* [EXERCISE INSTRUCTIONS] The expected output is the exact lines from the one containing "this 1856×1856 image." through the end of the data, inclusive, and nothing else.

Data excerpts
-------

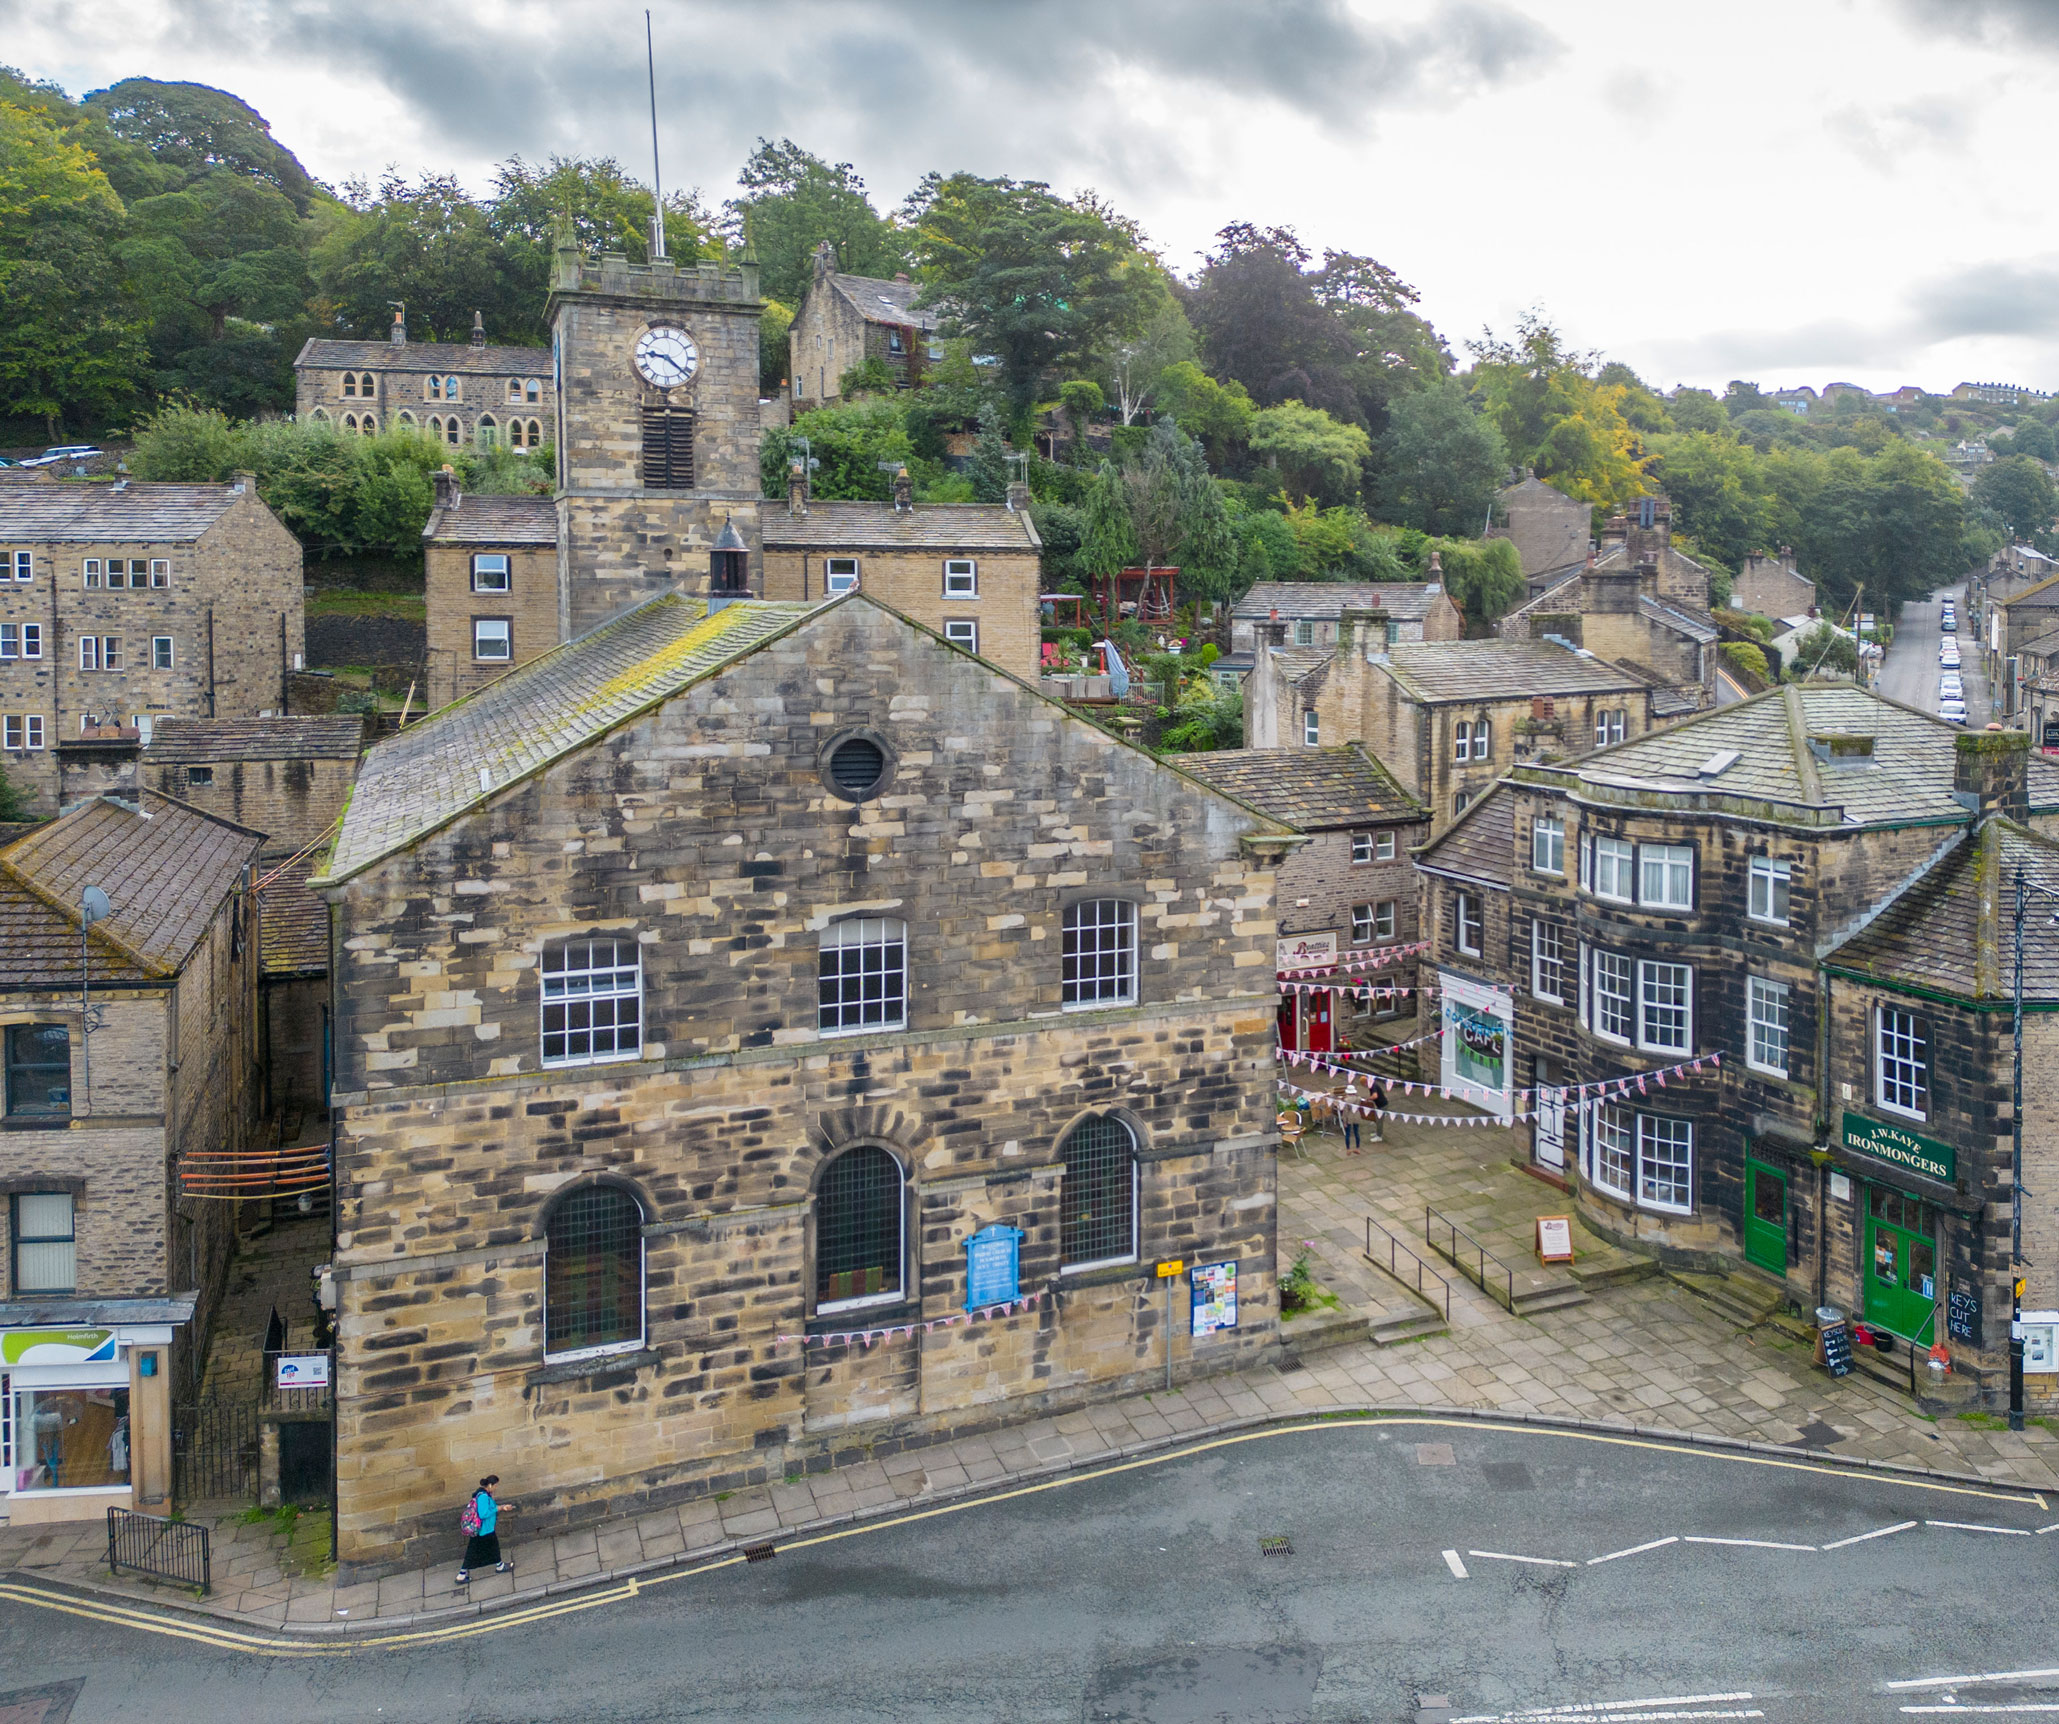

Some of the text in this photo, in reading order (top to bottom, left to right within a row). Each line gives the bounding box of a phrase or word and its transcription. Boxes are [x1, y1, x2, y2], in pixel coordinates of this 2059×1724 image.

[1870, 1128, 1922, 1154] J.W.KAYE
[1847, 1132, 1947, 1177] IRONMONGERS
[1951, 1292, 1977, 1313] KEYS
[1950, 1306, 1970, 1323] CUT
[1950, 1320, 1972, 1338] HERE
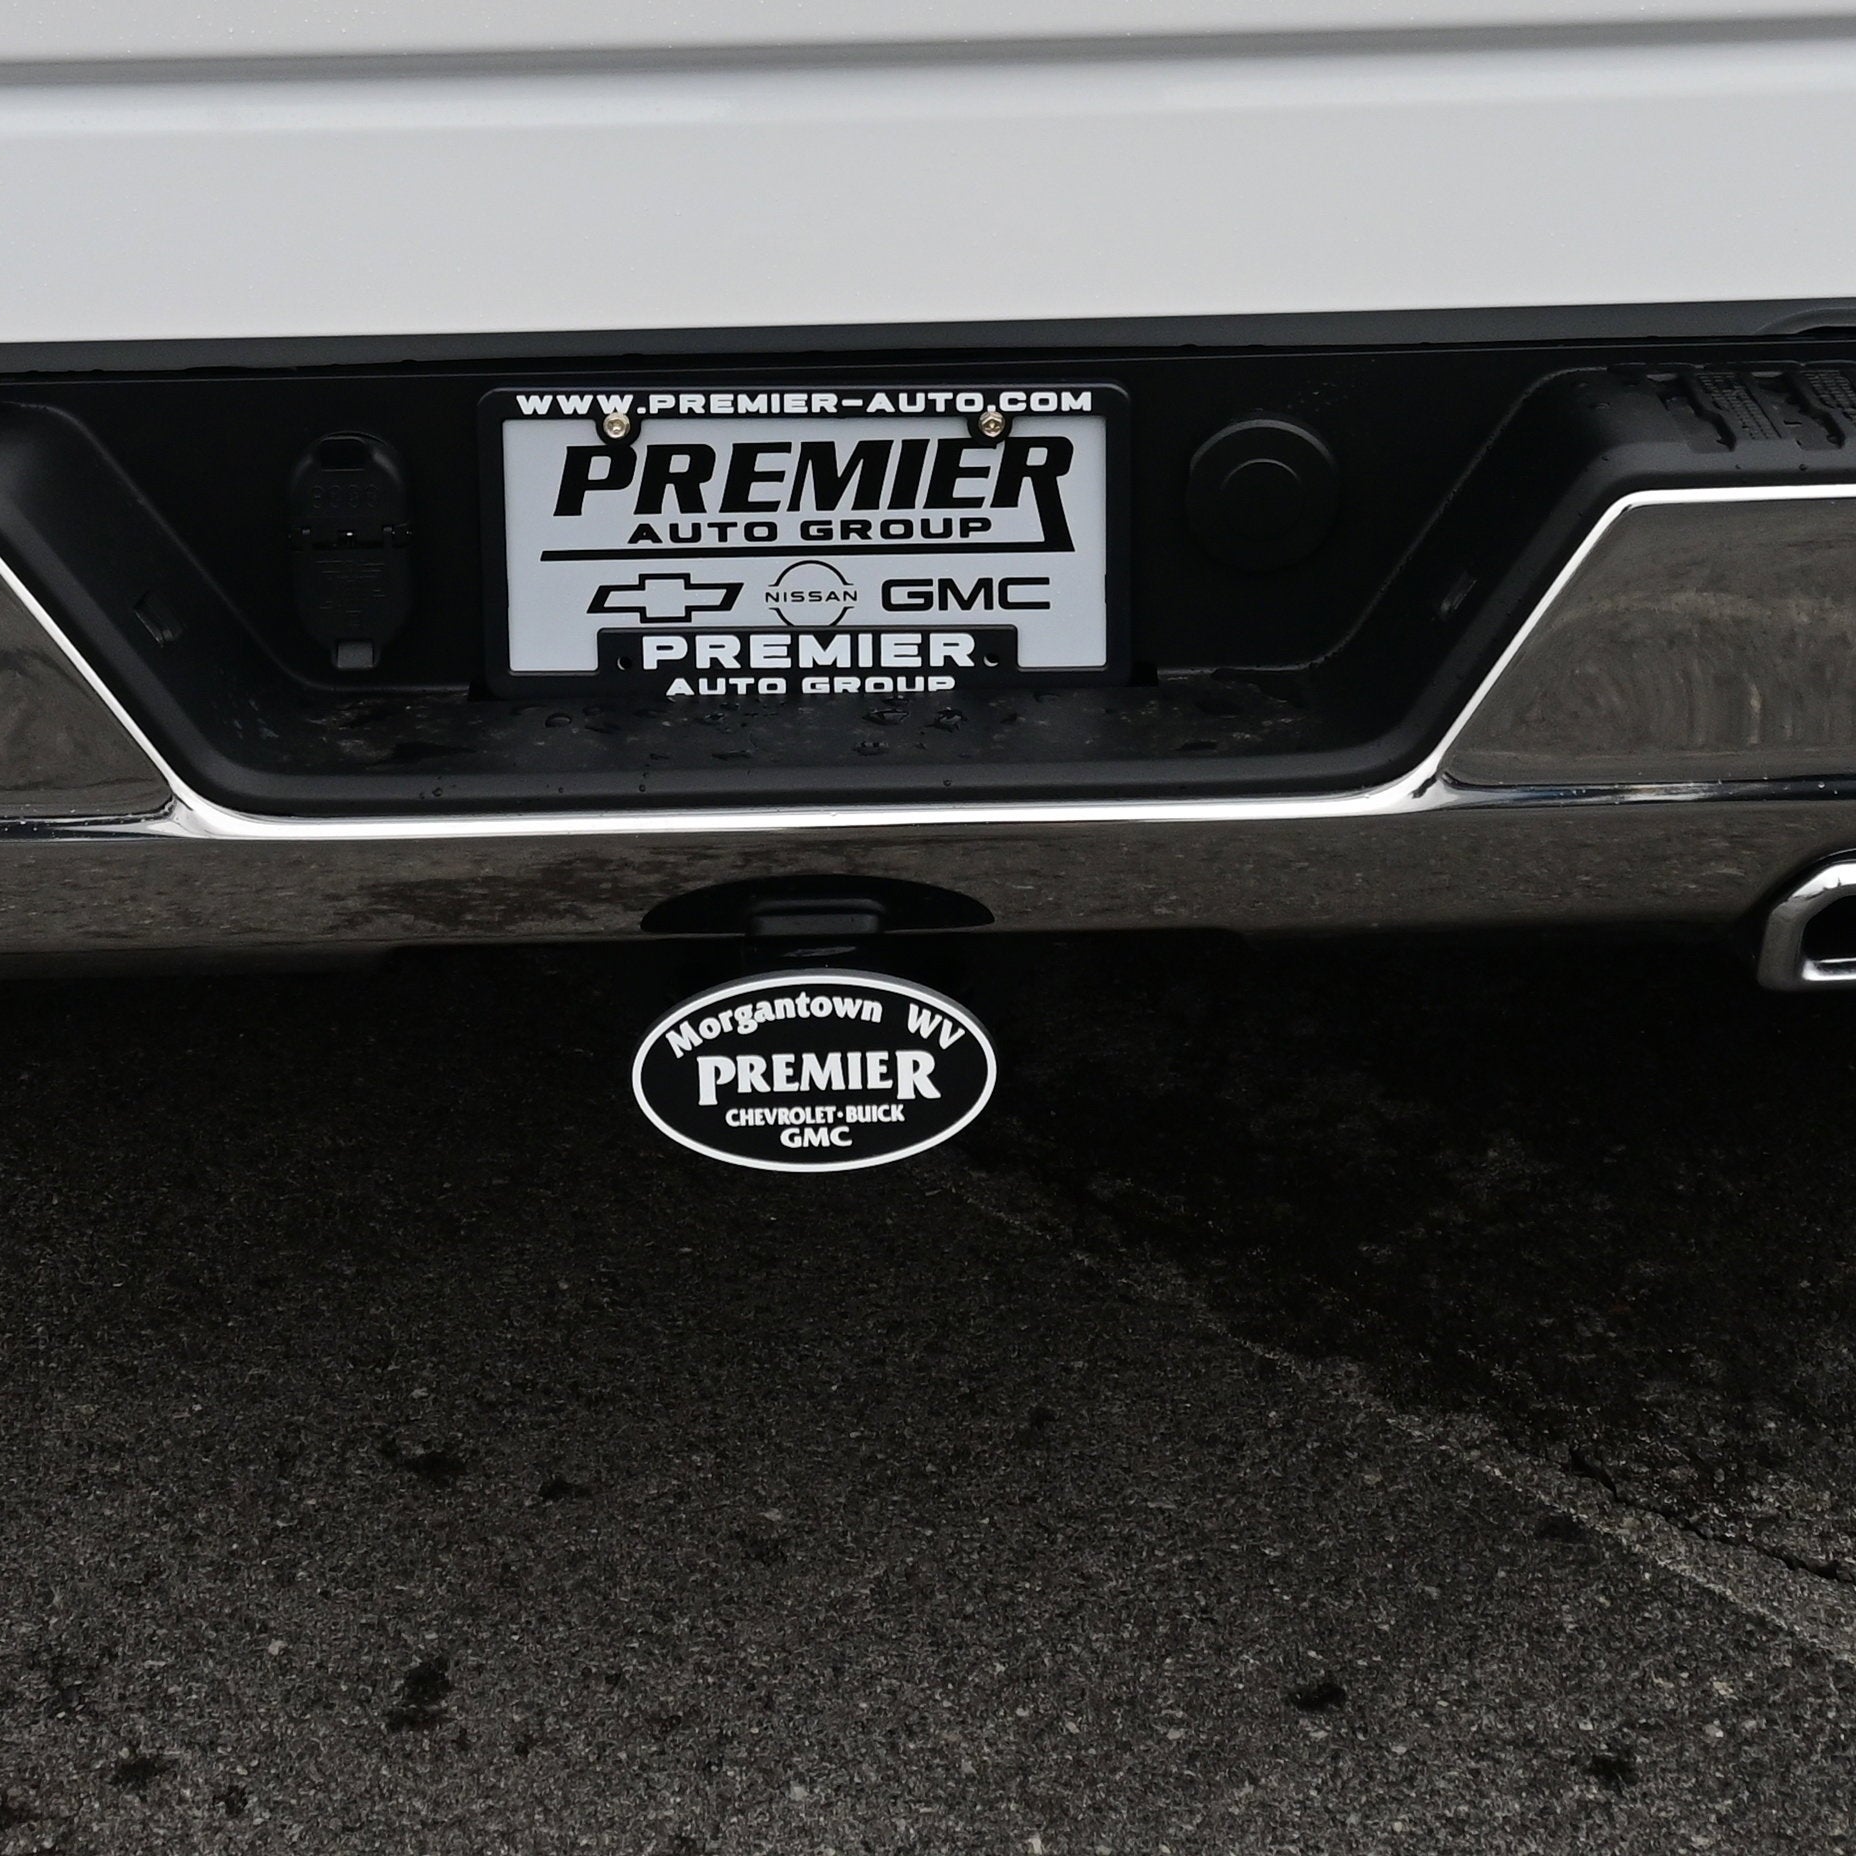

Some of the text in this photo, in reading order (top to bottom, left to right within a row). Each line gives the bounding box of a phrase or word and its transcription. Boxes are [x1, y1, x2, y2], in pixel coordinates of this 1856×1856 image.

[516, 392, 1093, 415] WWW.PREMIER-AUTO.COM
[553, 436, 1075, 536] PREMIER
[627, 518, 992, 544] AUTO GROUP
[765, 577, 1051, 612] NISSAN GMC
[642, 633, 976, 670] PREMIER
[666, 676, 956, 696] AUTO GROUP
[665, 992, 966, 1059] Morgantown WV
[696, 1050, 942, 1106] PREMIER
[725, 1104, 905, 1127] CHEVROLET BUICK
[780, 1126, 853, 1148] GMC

-------

* [EXERCISE RESULT]
Some of the text in this photo, in reading order (top to bottom, left to right within a row). Each line gives the bounding box of a phrase or word and its transcription. Boxes are [x1, y1, x2, y2], in pixel coordinates of this 1856×1856 image.

[516, 392, 1093, 415] WWW.PREMIER-AUTO.COM
[553, 436, 1075, 536] PREMIER
[627, 518, 992, 544] AUTO GROUP
[765, 577, 1051, 612] NISSAN GMC
[642, 633, 976, 670] PREMIER
[666, 676, 956, 696] AUTO GROUP
[665, 992, 966, 1059] Morgantown WV
[696, 1050, 942, 1106] PREMIER
[725, 1104, 905, 1127] CHEVROLET BUICK
[780, 1126, 853, 1148] GMC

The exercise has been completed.